▼

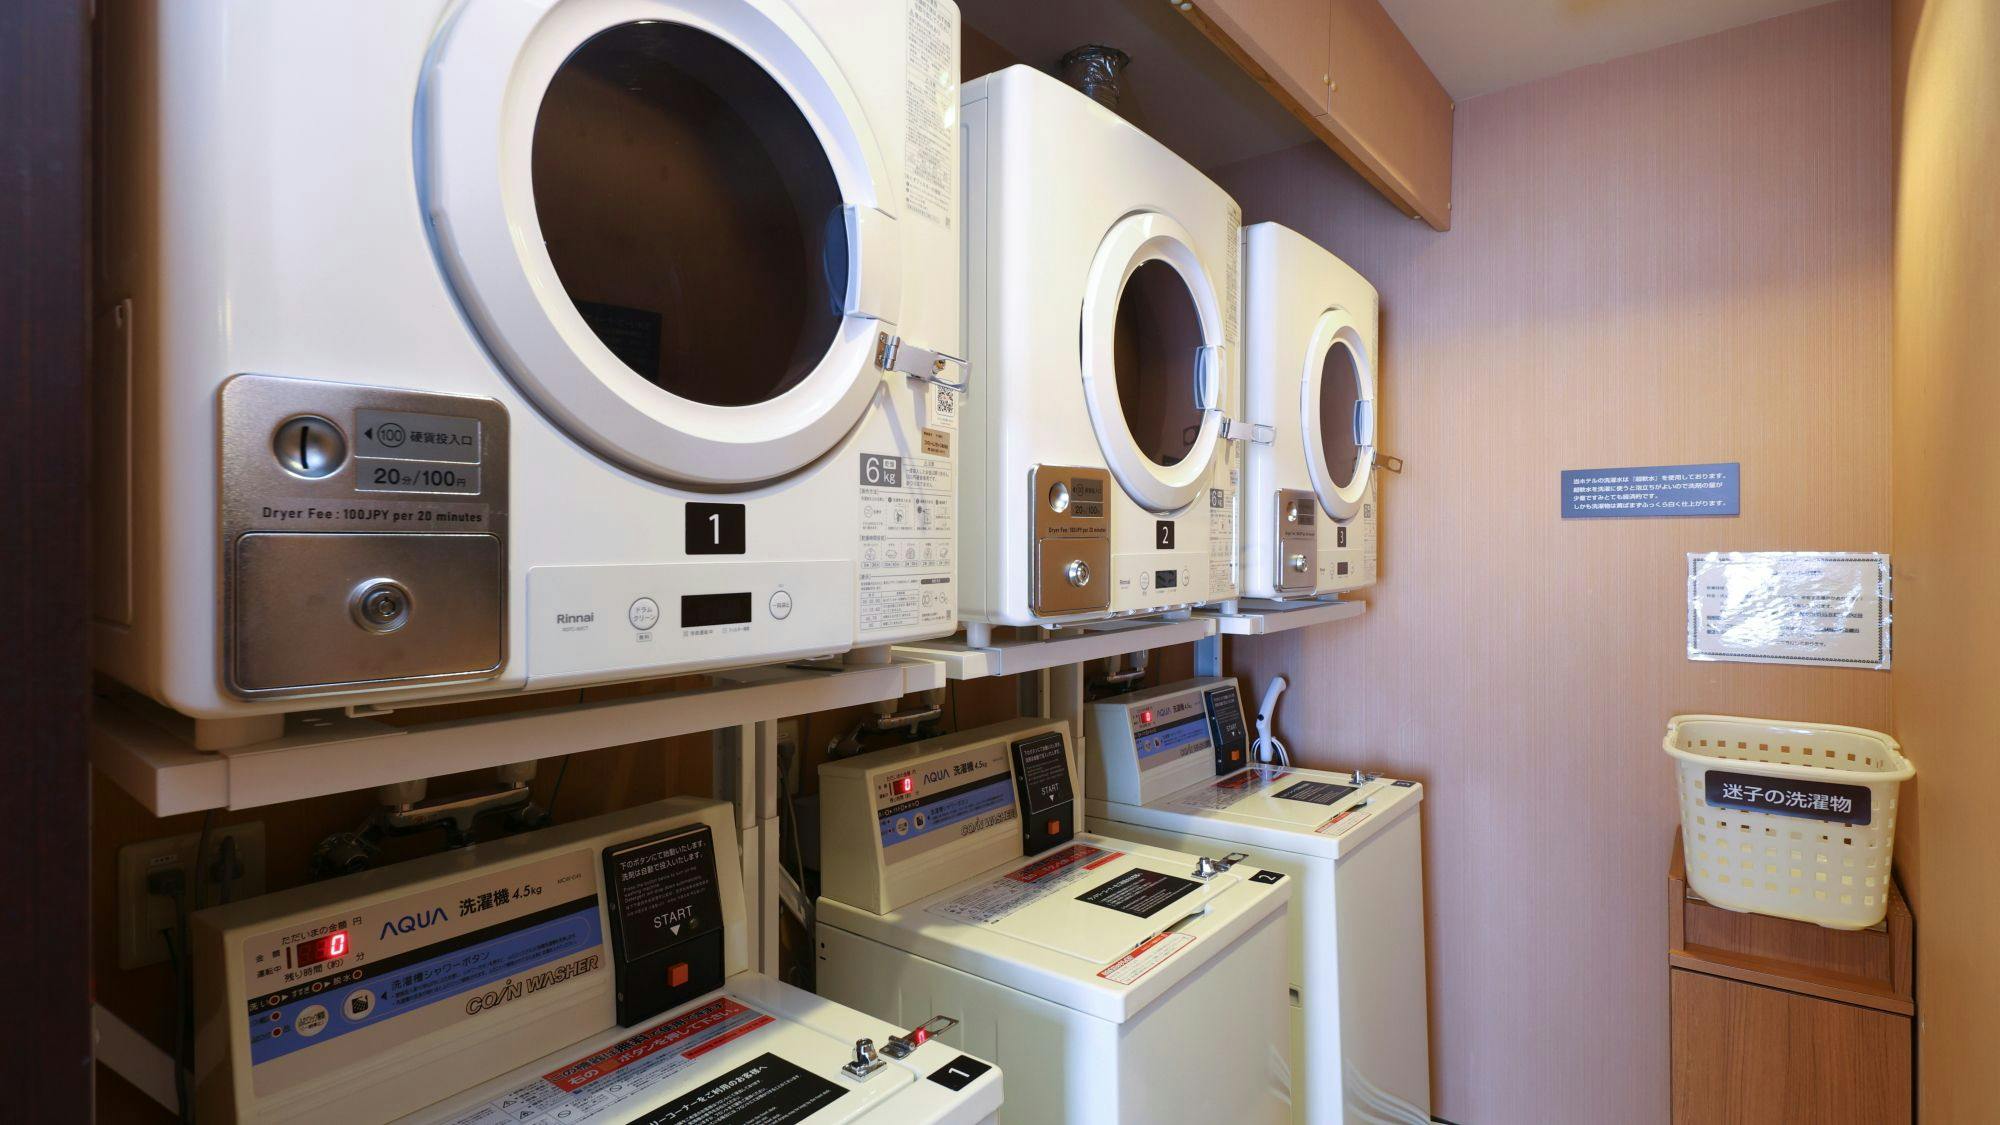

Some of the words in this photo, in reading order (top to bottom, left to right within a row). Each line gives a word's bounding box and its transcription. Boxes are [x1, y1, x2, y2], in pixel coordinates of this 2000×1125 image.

[410, 431, 473, 447] 硬貨投入口
[373, 468, 467, 488] 20分/100円
[866, 457, 880, 483] 6
[884, 471, 896, 485] kg
[262, 506, 303, 521] Dryer
[343, 508, 389, 521] 100JPY
[392, 511, 414, 524] per
[417, 510, 433, 522] 20
[436, 511, 483, 523] minutes
[709, 513, 721, 546] 1
[1162, 526, 1169, 545] 2
[1340, 530, 1344, 544] 3
[557, 612, 595, 624] Rinnai
[633, 614, 656, 623] クリーン
[635, 606, 653, 614] ドラム
[923, 769, 950, 785] AQUA
[953, 760, 975, 776] 洗濯機
[904, 778, 911, 791] 0
[1041, 782, 1060, 796] START
[1722, 782, 1852, 814] 迷子の洗濯物
[379, 907, 449, 941] AQUA
[459, 887, 510, 917] 洗濯機
[511, 884, 543, 900] 4.5kg
[653, 905, 693, 929] START
[282, 921, 347, 945] ただいまの金額
[352, 916, 362, 926] 円
[330, 933, 345, 955] 0
[356, 952, 365, 961] 分
[391, 951, 490, 991] 洗濯槽シャワーボタン
[526, 954, 599, 992] WASHER
[568, 1069, 600, 1086] 右の
[619, 1008, 740, 1063] ボタンを押して下さい。
[946, 1065, 971, 1078] 1
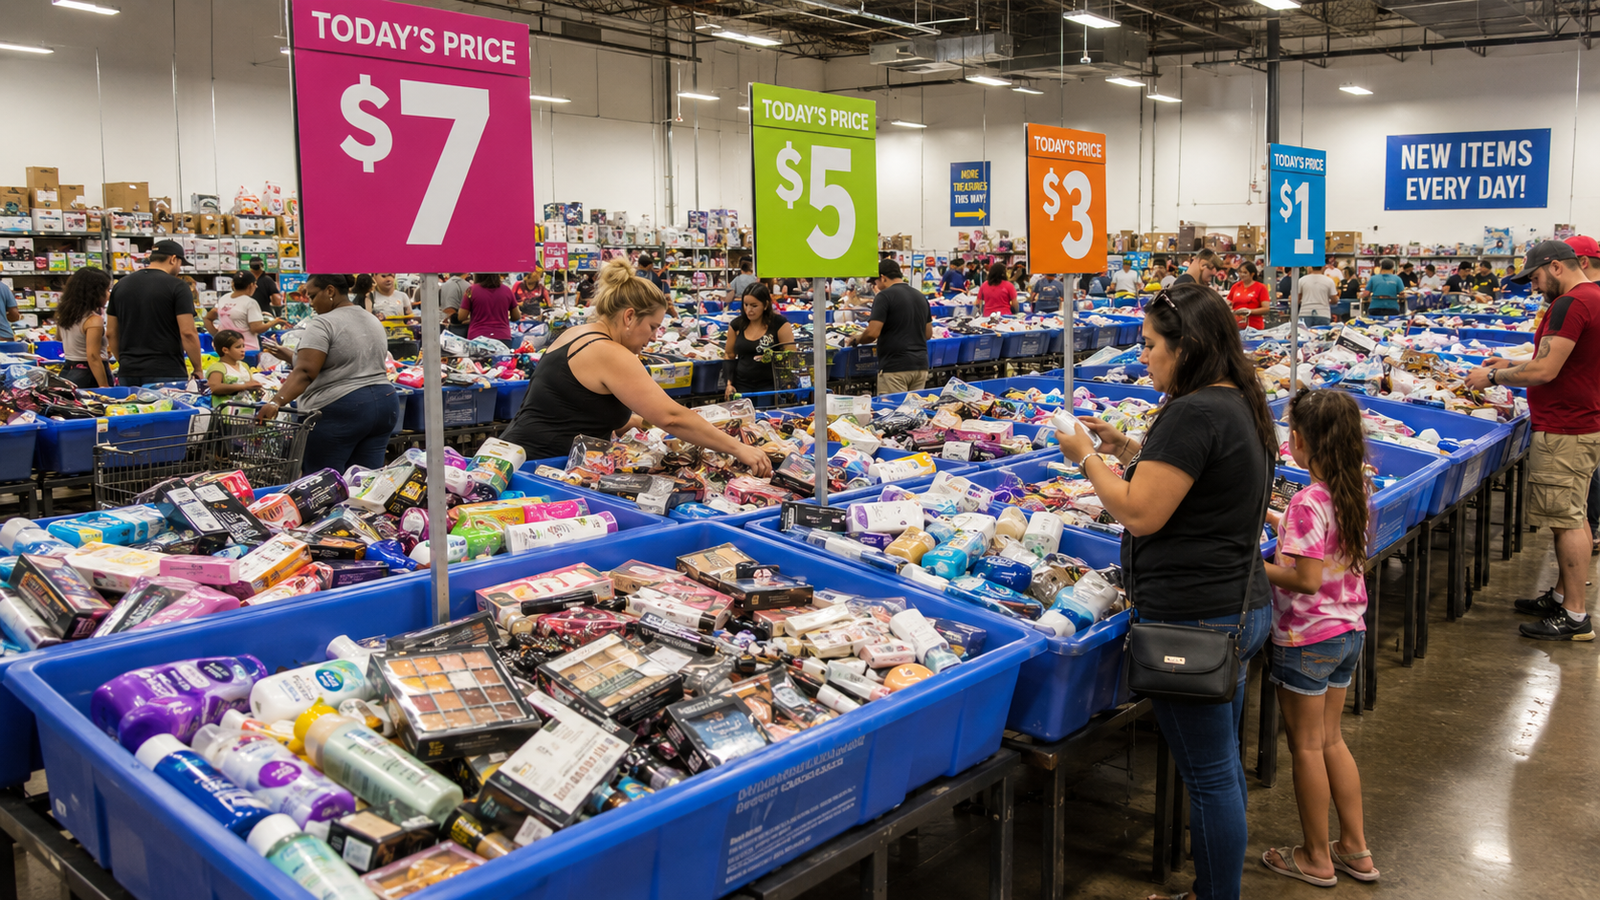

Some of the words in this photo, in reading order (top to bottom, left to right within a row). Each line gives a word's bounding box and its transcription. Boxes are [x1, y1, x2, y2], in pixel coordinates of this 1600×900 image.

[311, 10, 436, 54] TODAY'S
[443, 30, 516, 65] PRICE
[761, 98, 827, 126] TODAY'S
[830, 108, 869, 131] PRICE
[339, 73, 490, 246] $7
[1033, 135, 1075, 155] TODAY'S
[1076, 141, 1102, 158] PRICE
[1274, 153, 1305, 169] TODAY'S
[1304, 157, 1324, 172] PRICE
[1401, 142, 1452, 170] NEW
[1460, 139, 1533, 168] ITEMS
[775, 140, 856, 260] $5
[954, 194, 969, 204] THIS
[1406, 175, 1472, 201] EVERY
[1478, 174, 1526, 199] DAY!
[1042, 167, 1094, 260] $3
[1279, 178, 1314, 255] $1
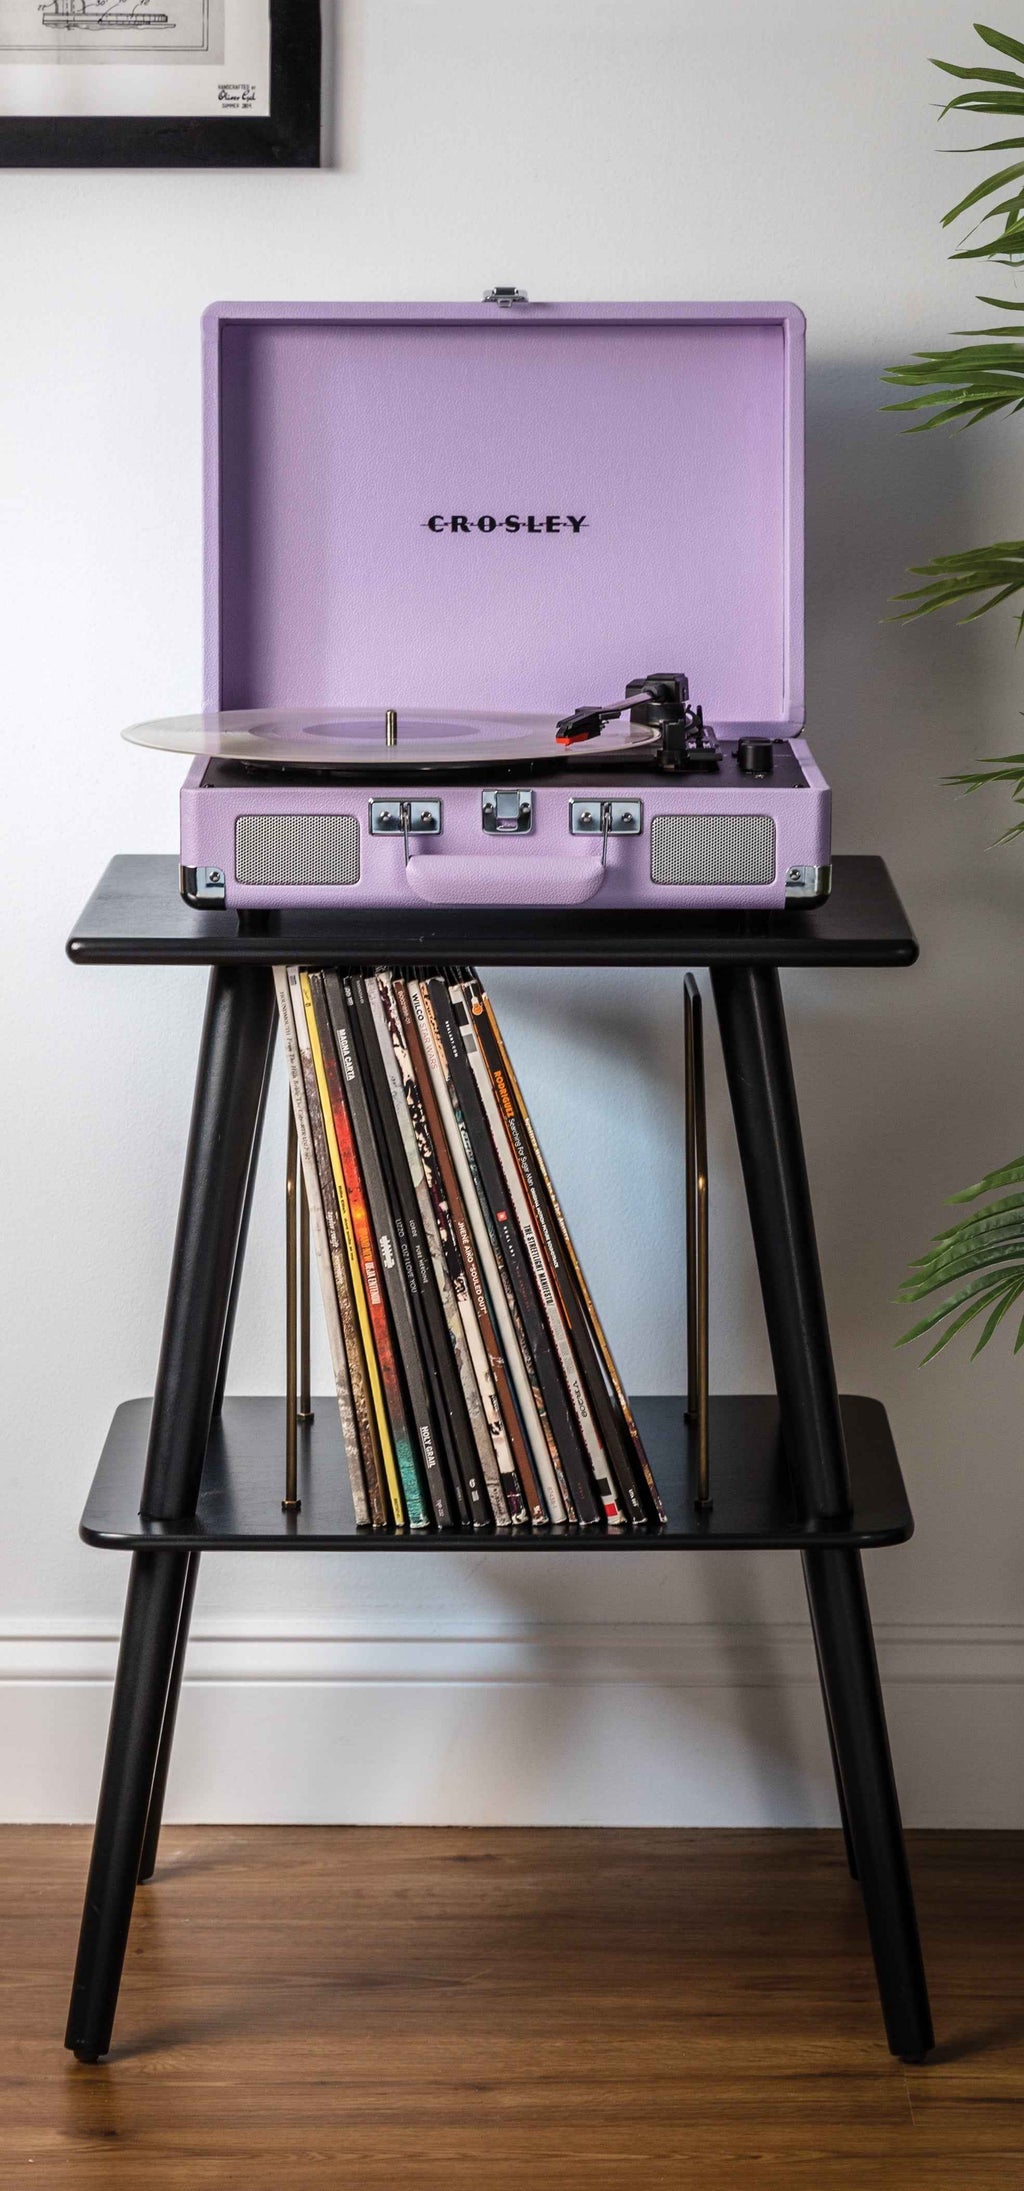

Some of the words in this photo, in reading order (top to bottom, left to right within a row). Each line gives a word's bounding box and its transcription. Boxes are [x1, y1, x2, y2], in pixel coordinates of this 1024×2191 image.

▲

Problem requirements:
From the first line to the last, repeat the records exactly. Leave out the pictures.

Result of the exercise:
Some of the words in this photo, in reading order (top to bottom, left to right within a row). Each line gives a word's bounding box and its transcription. Boxes are [x1, y1, x2, y2], in pixel coordinates of this 2000×1125 image.

[410, 431, 473, 447] 硬貨投入口
[373, 468, 467, 488] 20分/100円
[866, 457, 880, 483] 6
[884, 471, 896, 485] kg
[262, 506, 303, 521] Dryer
[343, 508, 389, 521] 100JPY
[392, 511, 414, 524] per
[417, 510, 433, 522] 20
[436, 511, 483, 523] minutes
[709, 513, 721, 546] 1
[1162, 526, 1169, 545] 2
[1340, 530, 1344, 544] 3
[557, 612, 595, 624] Rinnai
[633, 614, 656, 623] クリーン
[635, 606, 653, 614] ドラム
[923, 769, 950, 785] AQUA
[953, 760, 975, 776] 洗濯機
[904, 778, 911, 791] 0
[1041, 782, 1060, 796] START
[1722, 782, 1852, 814] 迷子の洗濯物
[379, 907, 449, 941] AQUA
[459, 887, 510, 917] 洗濯機
[511, 884, 543, 900] 4.5kg
[653, 905, 693, 929] START
[282, 921, 347, 945] ただいまの金額
[352, 916, 362, 926] 円
[330, 933, 345, 955] 0
[356, 952, 365, 961] 分
[391, 951, 490, 991] 洗濯槽シャワーボタン
[526, 954, 599, 992] WASHER
[568, 1069, 600, 1086] 右の
[619, 1008, 740, 1063] ボタンを押して下さい。
[946, 1065, 971, 1078] 1

Some of the words in this photo, in reading order (top to bottom, left to right within a row). Each line gives a word's bounding box and its transcription. Boxes are [x1, y1, x2, y2], in pixel coordinates of this 1600×900 image.

[311, 10, 436, 54] TODAY'S
[443, 30, 516, 65] PRICE
[761, 98, 827, 126] TODAY'S
[830, 108, 869, 131] PRICE
[339, 73, 490, 246] $7
[1033, 135, 1075, 155] TODAY'S
[1076, 141, 1102, 158] PRICE
[1274, 153, 1305, 169] TODAY'S
[1304, 157, 1324, 172] PRICE
[1401, 142, 1452, 170] NEW
[1460, 139, 1533, 168] ITEMS
[775, 140, 856, 260] $5
[954, 194, 969, 204] THIS
[1406, 175, 1472, 201] EVERY
[1478, 174, 1526, 199] DAY!
[1042, 167, 1094, 260] $3
[1279, 178, 1314, 255] $1

Some of the words in this photo, in reading order (top to bottom, left to right within a row). Each line gives a word's bounding box and its transcription. Boxes are [x1, y1, x2, y2], in pixel coordinates of this 1024×2191 image.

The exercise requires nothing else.